A couple of weeks back I was at Cisco Live and I met with the executives of three interesting startups that Cisco is helping financially. These firms were very different and mostly had little to do with Cisco’s core business, but each could have a significant impact on making the world a better place. This is consistent with Cisco’s overarching corporate responsibility goal of positively impacting 1 billion people by 2025 (their impact is at around 300 million today). Cisco clearly stands out with their corporate responsibility efforts in a world where it often looks like the companies and politicians around us are mostly in it for themselves and often don’t even seem to care about their customers, investors, or constituents. This makes it not only important that companies like Cisco step in to fill the gap but also set a better example for all of us.
The three companies were Dot Learn, Liberty Mechatronics, and Neopenda. Let’s take each in turn.
One of the biggest problems regarding providing equal internet access is that in much of the world their bandwidth sucks. We are talking data speeds that would challenge Twitter and make YouTube—which is a critical resource for training and how-to videos—practically unusable. So, in the area where there is the greatest need for video content to help teach folks what they need to do, they don’t have the bandwidth for it. Dot Learn developed a technology called vide-vectorization which enables the delivery of online video lessons using one percent of the bandwidth of traditional online video. This makes these videos affordable and available across the developing world.
Of course, it struck me, that this would also work on airplane Wi-Fi which SUCKS in much the same way, and that would make my flights far more enjoyable. I’m an MVP Gold 75K member on Alaskan Airlines and have a monthly Wi-Fi subscription which is generally a waste of money and this could fix much of that inexpensively. So, the market for this solution is potentially far greater than the firm may realize.
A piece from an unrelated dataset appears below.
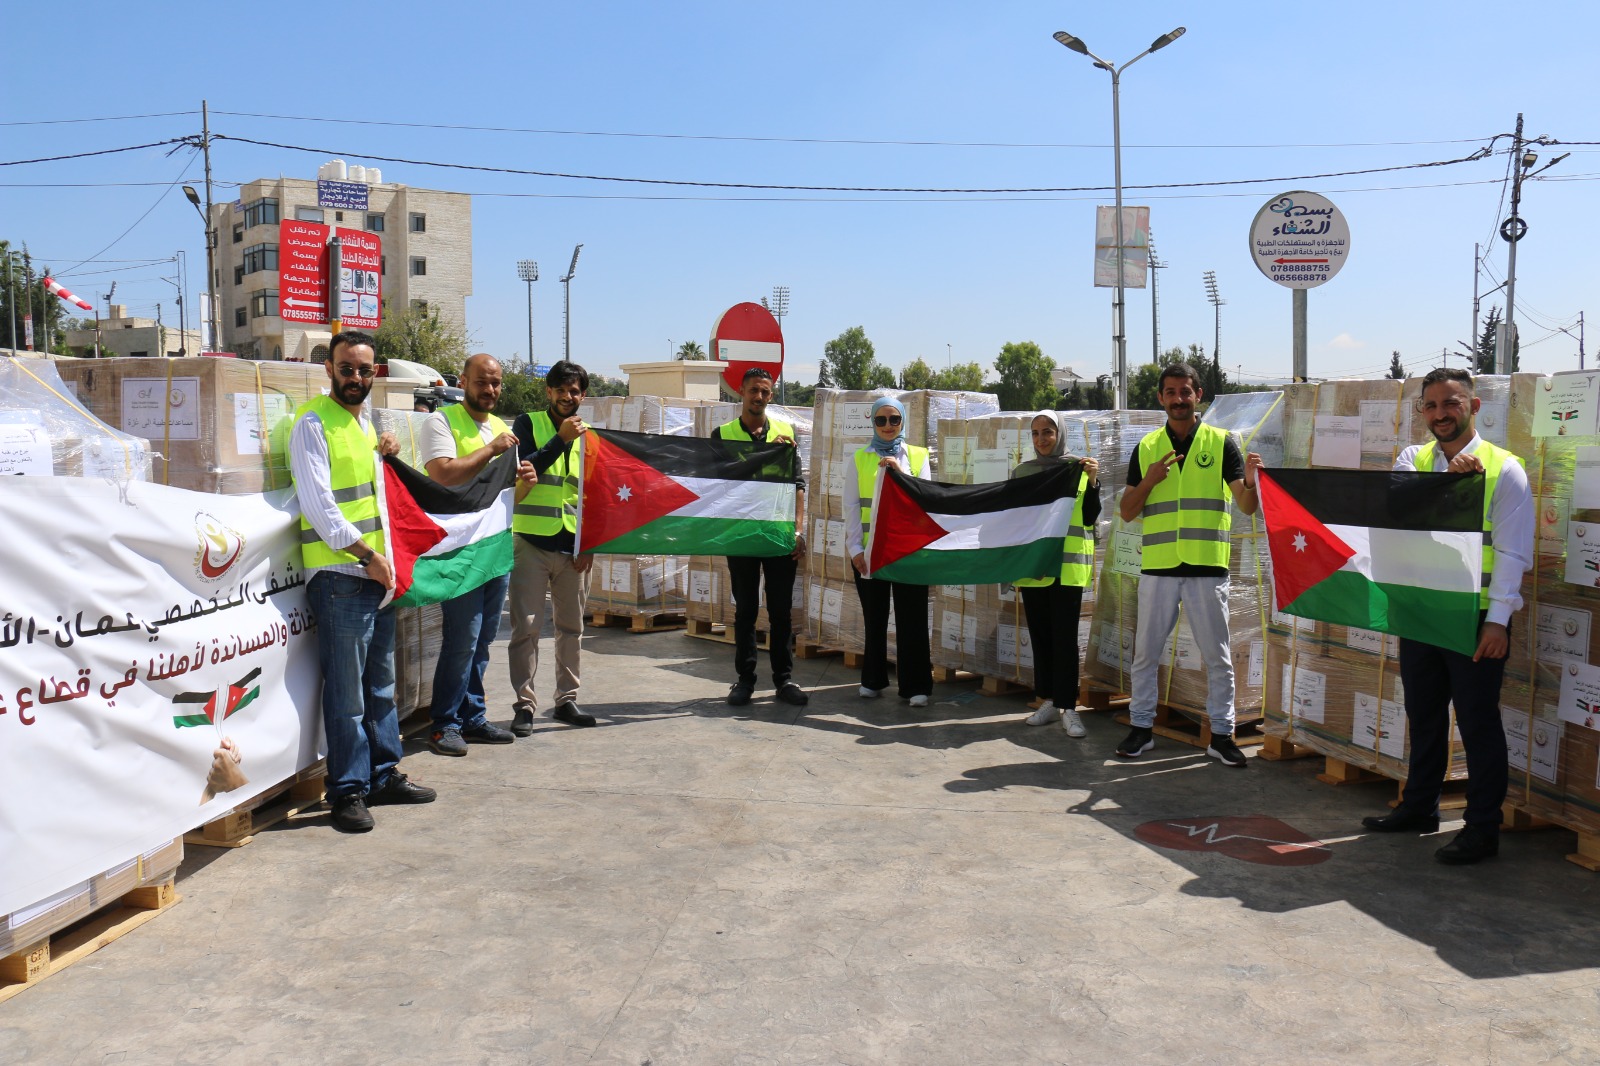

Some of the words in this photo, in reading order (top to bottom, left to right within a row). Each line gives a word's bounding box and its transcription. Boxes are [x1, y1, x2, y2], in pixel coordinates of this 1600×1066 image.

Liberty Mechatronics developed a sensor that does real time oil analysis in engines. Since I’m a race fan, I immediatly saw this as a racing opportunity because this sensor could alert drivers and teams of a catastrophic problem before the engine exploded (a common and very dangerous occurrence particularly when drag racing). But, in developing countries, the loss of an engine used in a generator, vehicle, or pump could be far more catastrophic because many of these areas are not only remote, they lack the funding for replacement. They can often get parts, but a full engine would be problematic. Getting early warning on a failure could make the difference between having electricity and water or not.
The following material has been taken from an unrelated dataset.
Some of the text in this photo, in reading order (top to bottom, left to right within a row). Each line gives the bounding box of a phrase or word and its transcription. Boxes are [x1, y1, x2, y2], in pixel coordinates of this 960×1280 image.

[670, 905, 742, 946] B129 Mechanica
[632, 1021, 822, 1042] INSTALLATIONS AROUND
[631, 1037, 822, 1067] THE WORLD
So, while the folks on Street Outlaws would likely kill for this sensor (this is a street drag racing reality TV show I’m hooked on) the more important world benefit is assuring folks that have little more than power and water keep getting both.
In the emerging markets, nearly 3 million newborn babies die every year with 80 percent dying due to easily preventable causes. Neonatal monitors in the market today cost around $7,500 each and these markets just can’t afford them. Neopenda has developed a wearable neonatal monitor that costs $2,500 for a bundle of 15 monitors, so for the cost of one existing neonatal monitor you could protect 45 babies. Now, given how cost-focused our hospitals are, I’m thinking they could first make a killing in the developed market with a higher margin offering and then use some of the money to donate solutions to the emerging market providing even greater leveraged coverage, but they are a very small company and the path to FDA approval is likely beyond their capability alone. We are talking about saving the lives of babies and while Cisco is helping this is one solution that could do amazing things with a backer like the Gates Foundation (which, sadly, isn’t focused on this problem at the moment).
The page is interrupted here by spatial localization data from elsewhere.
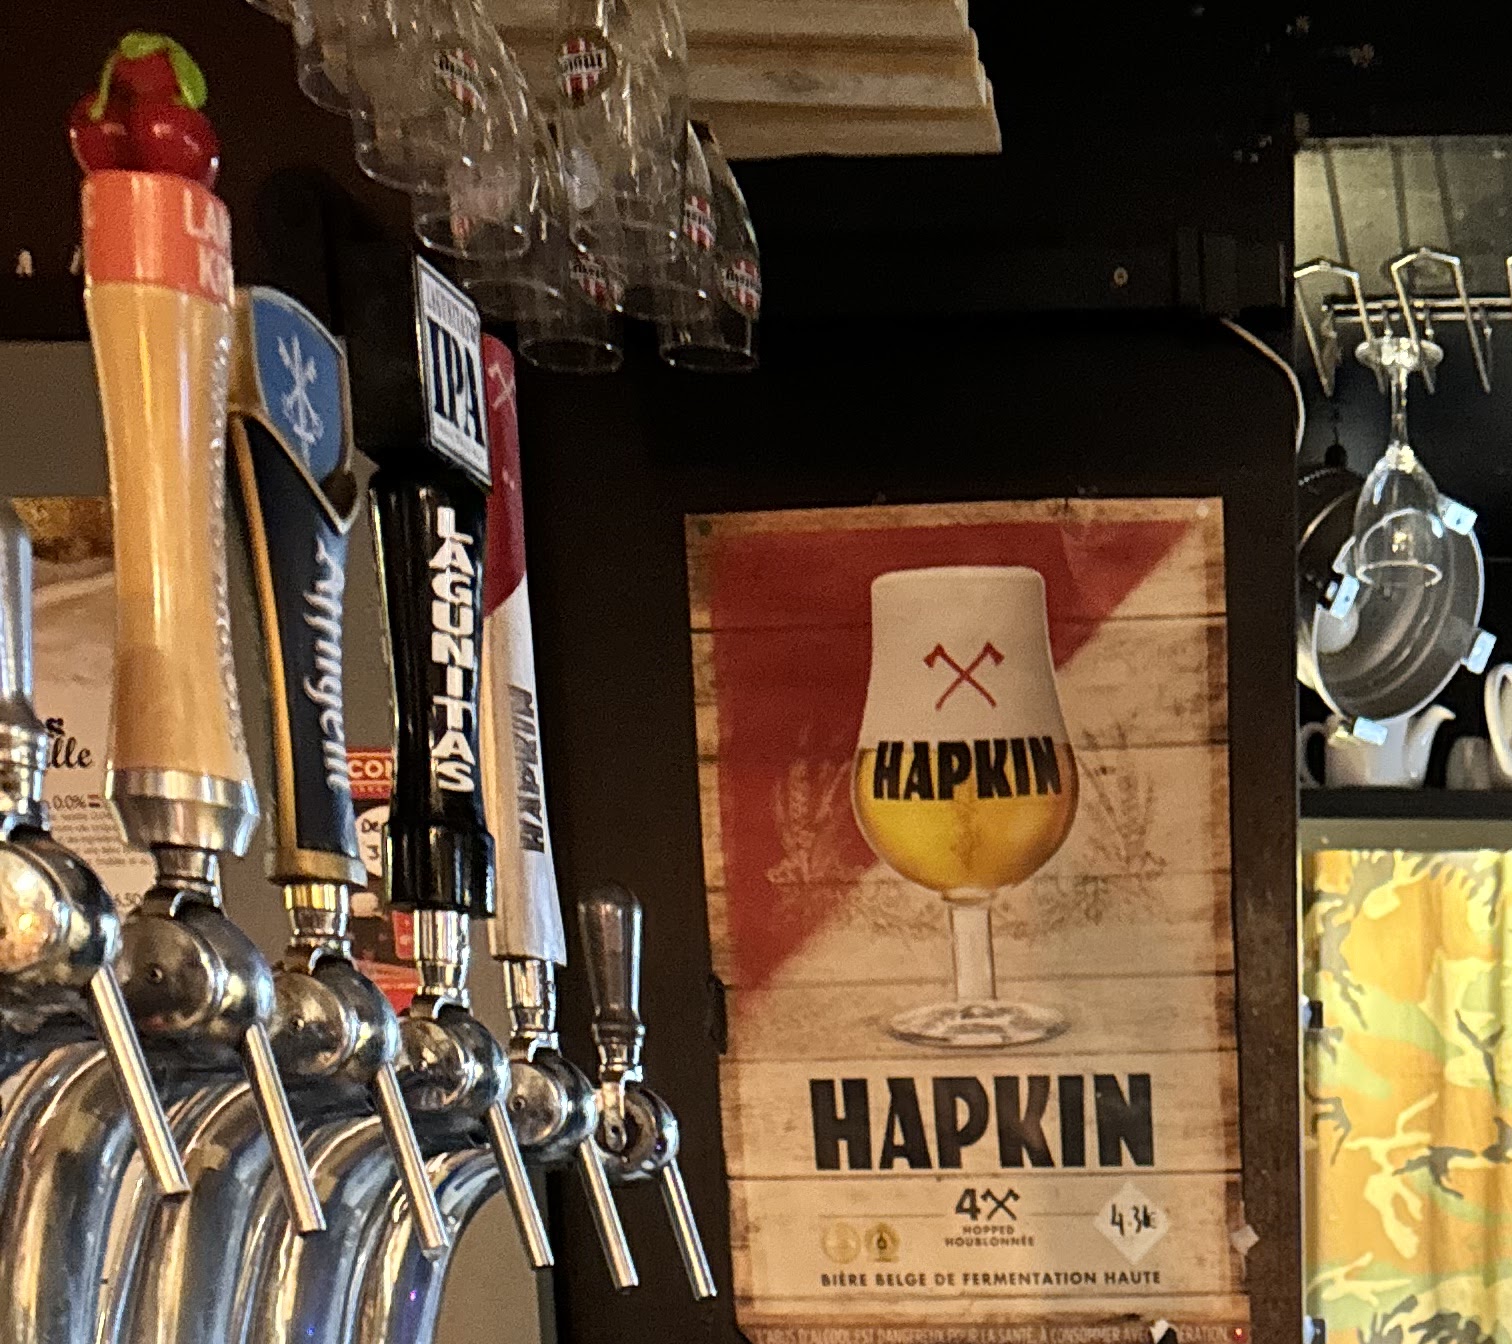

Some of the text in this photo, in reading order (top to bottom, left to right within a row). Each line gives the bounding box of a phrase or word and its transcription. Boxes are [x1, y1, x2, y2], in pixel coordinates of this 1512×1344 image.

[428, 317, 485, 447] IPA
[429, 507, 475, 793] LAGUNITAS
[507, 684, 546, 853] HAPKIN
[873, 737, 1062, 800] HAPKIN
[809, 1073, 1154, 1170] HAPKIN
[821, 1271, 1161, 1287] BIÈRE BELGE DE FERMENTATION HAUTE
[962, 1225, 1015, 1236] HOPPED
This is the one that tugs at my heart the most and my hope is they find a funding source adequate for their important vision.
These companies are a showcase of Cisco’s heart and their willingness as a company to fund startups who could make the world a better place. Except for Dot Learn, which could be strategic to Cisco as part of a communications solution, these firms have little to do with the company’s bottom line and everything to do with their desire to make the world a better place. Its nice to have companies that showcase heart—I just wish we had more of them. Given Millennials prefer to work and buy from companies that do this, my expectation is that the example that Cisco is setting will spread to other companies. For me it couldn’t happen fast enough.